WHAT IS REQUIRED -
Take every record and write it out again exactly, with no images included.

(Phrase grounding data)
-*-*-
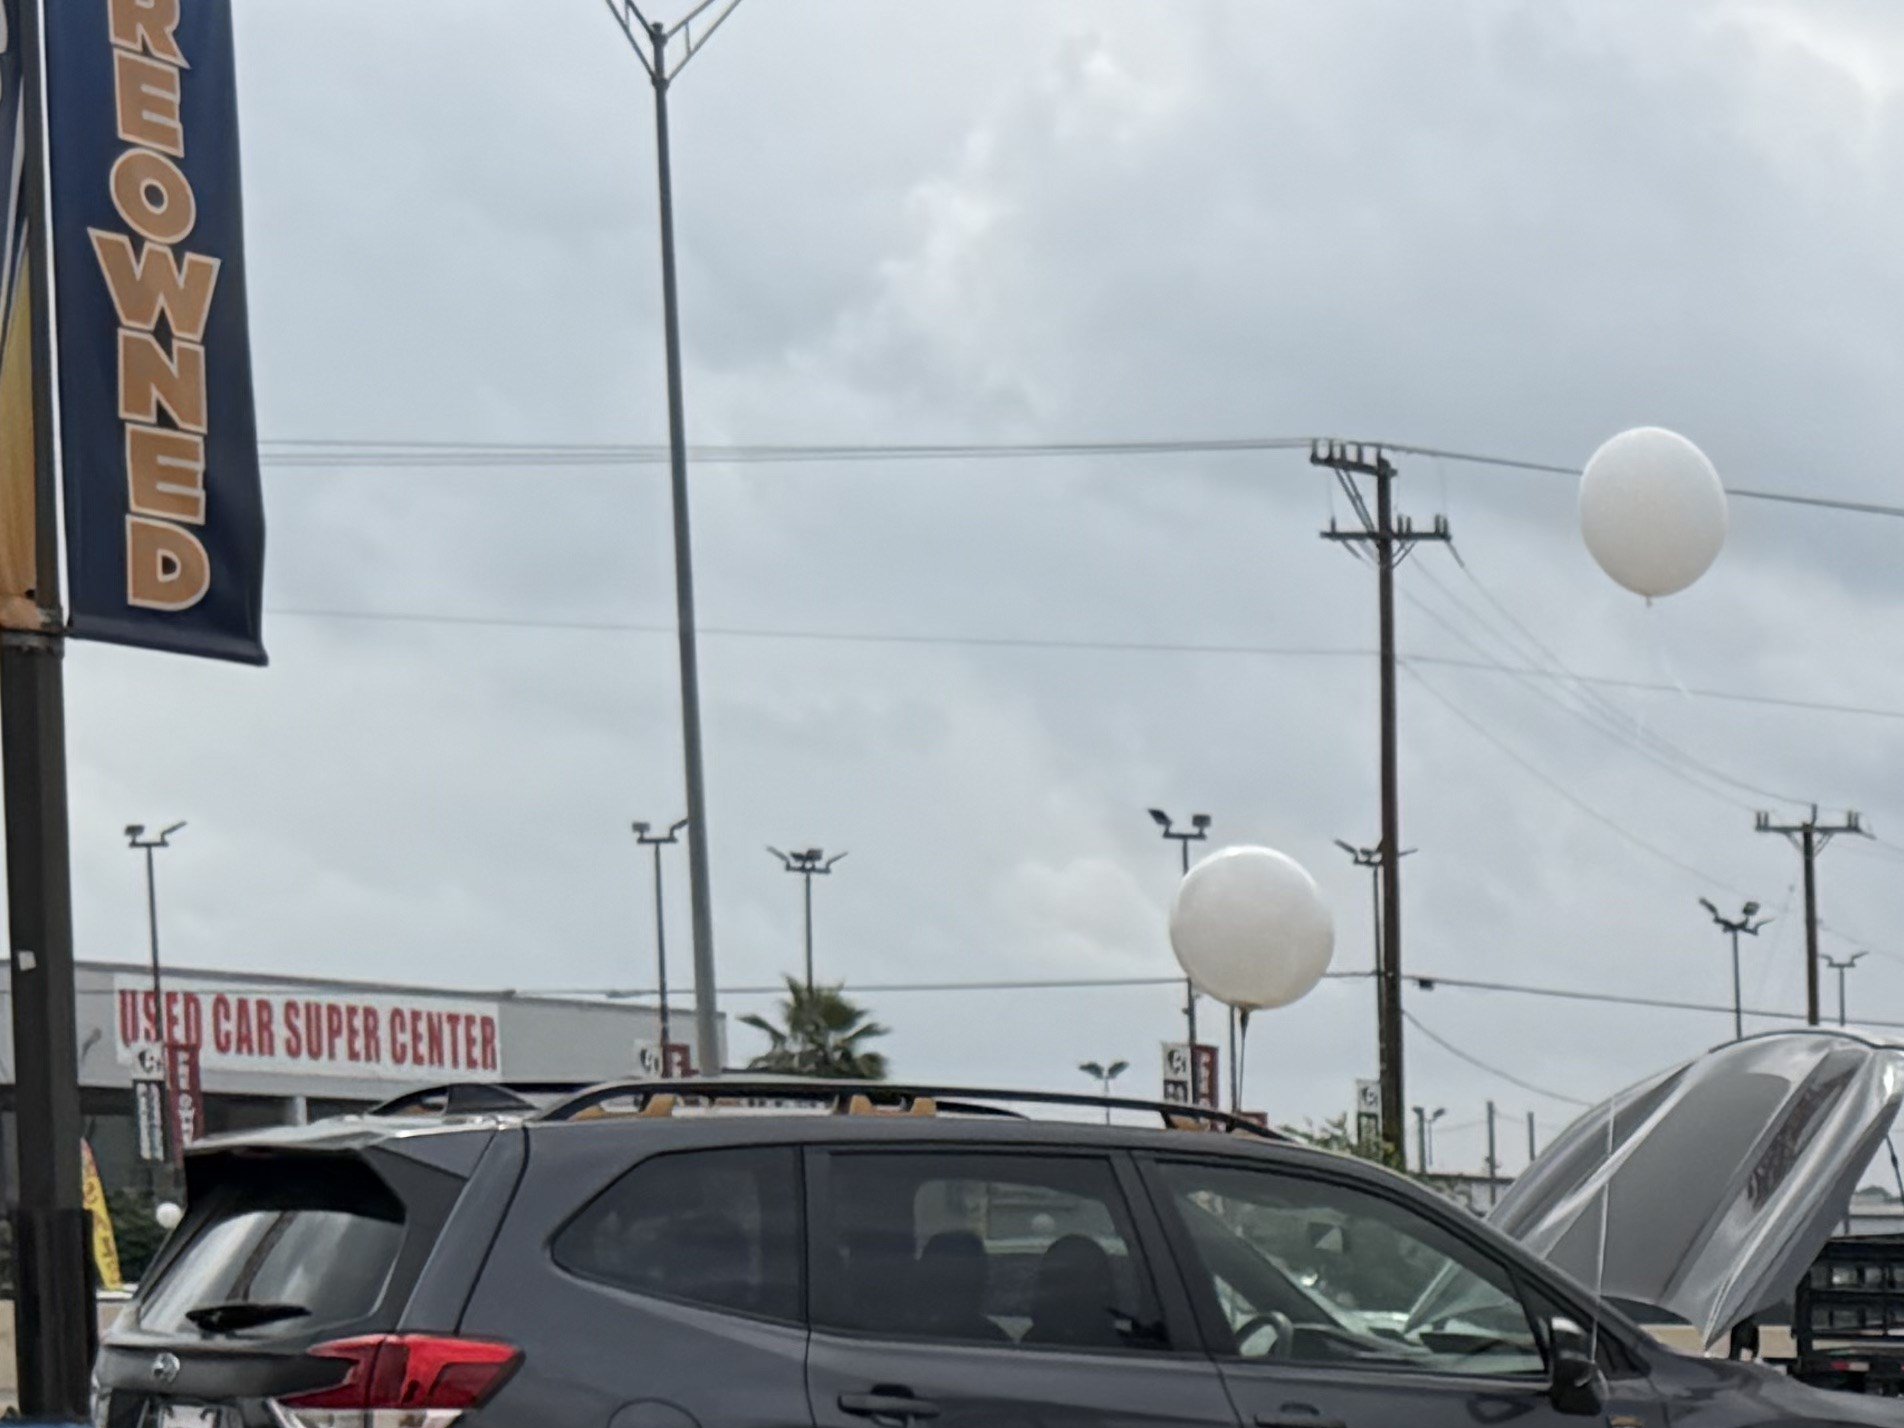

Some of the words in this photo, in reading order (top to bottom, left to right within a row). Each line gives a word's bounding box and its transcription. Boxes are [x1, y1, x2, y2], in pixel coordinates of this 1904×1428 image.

[119, 989, 202, 1049] USED
[212, 993, 275, 1056] CAR
[284, 1000, 383, 1062] SUPER
[390, 1007, 498, 1071] CENTER
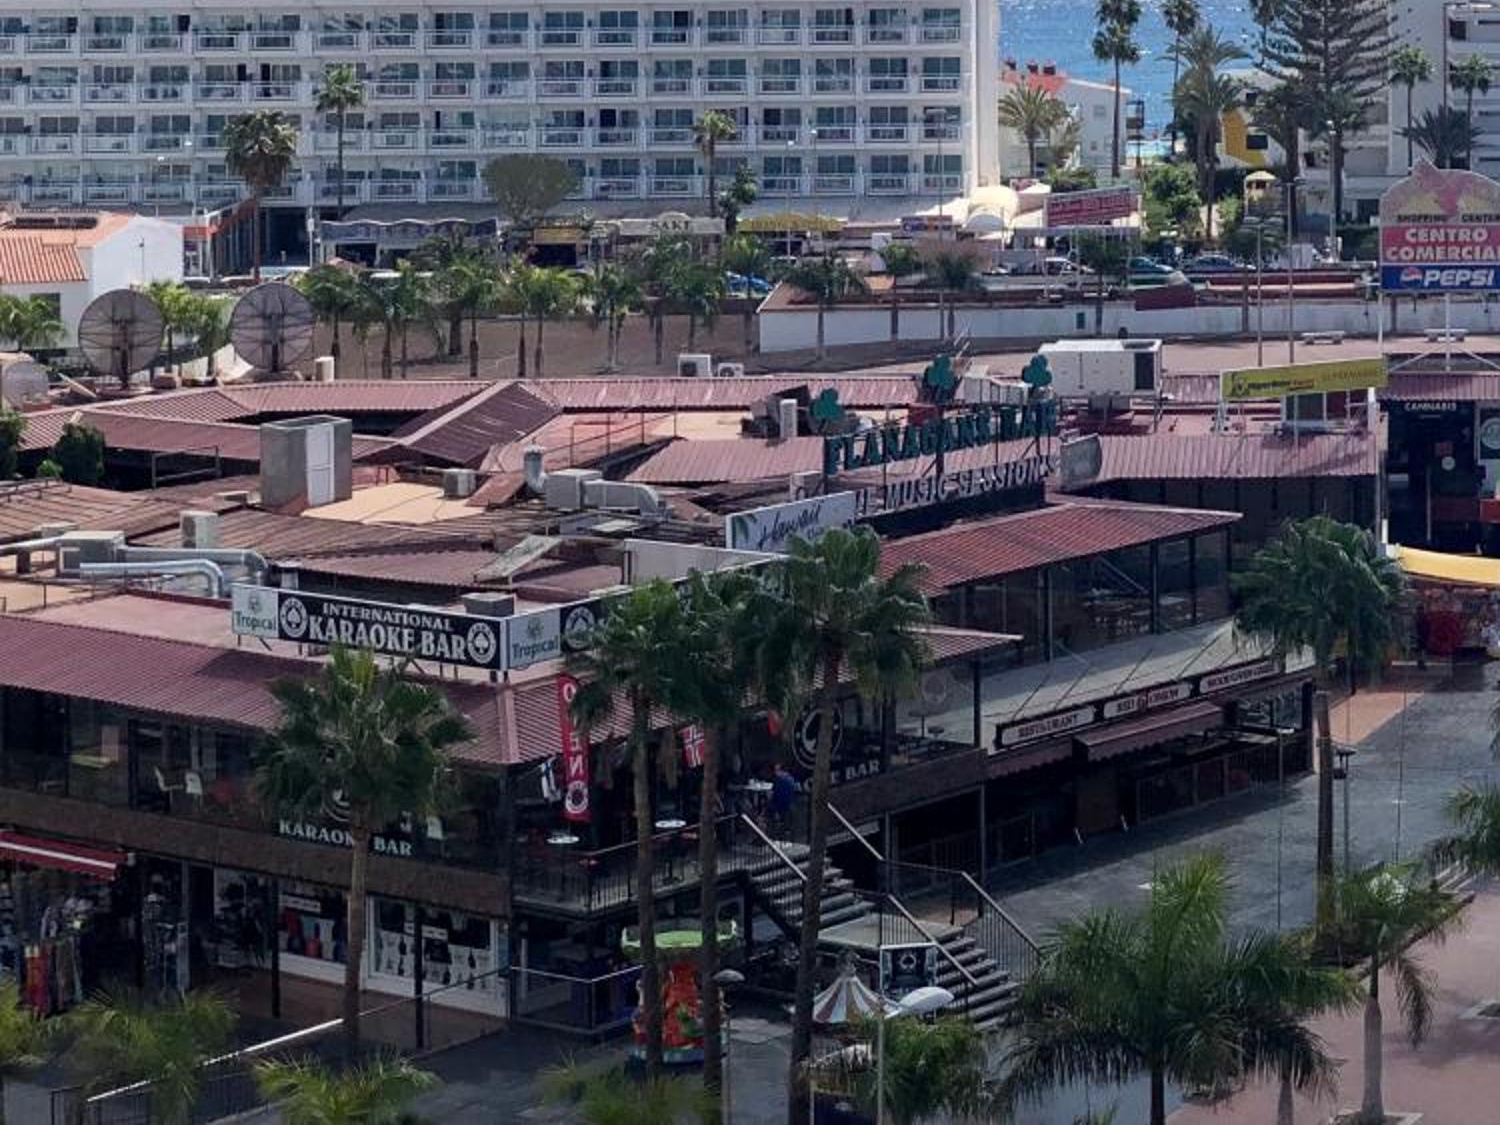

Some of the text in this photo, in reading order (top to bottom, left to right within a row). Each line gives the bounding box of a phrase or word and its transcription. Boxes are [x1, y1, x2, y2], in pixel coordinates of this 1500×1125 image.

[1405, 228, 1488, 243] CENTRO
[1423, 269, 1496, 286] PEPSI
[886, 472, 949, 510] MUSIC
[323, 602, 454, 631] INTERNATIONAL
[309, 615, 415, 652] KARAOKE
[421, 629, 467, 661] BAR
[512, 635, 559, 660] Tropical
[278, 818, 412, 856] KARAOK BAR
-*-*-
EXPECTED ANSWER -
Some of the words in this photo, in reading order (top to bottom, left to right within a row). Each line gives a word's bounding box and its transcription. Boxes are [x1, y1, x2, y2], in pixel coordinates of this 1904×1428 image.

[119, 989, 202, 1049] USED
[212, 993, 275, 1056] CAR
[284, 1000, 383, 1062] SUPER
[390, 1007, 498, 1071] CENTER

Some of the text in this photo, in reading order (top to bottom, left to right within a row). Each line gives the bounding box of a phrase or word and its transcription. Boxes are [x1, y1, x2, y2], in pixel coordinates of this 1500×1125 image.

[1405, 228, 1488, 243] CENTRO
[1423, 269, 1496, 286] PEPSI
[886, 472, 949, 510] MUSIC
[323, 602, 454, 631] INTERNATIONAL
[309, 615, 415, 652] KARAOKE
[421, 629, 467, 661] BAR
[512, 635, 559, 660] Tropical
[278, 818, 412, 856] KARAOK BAR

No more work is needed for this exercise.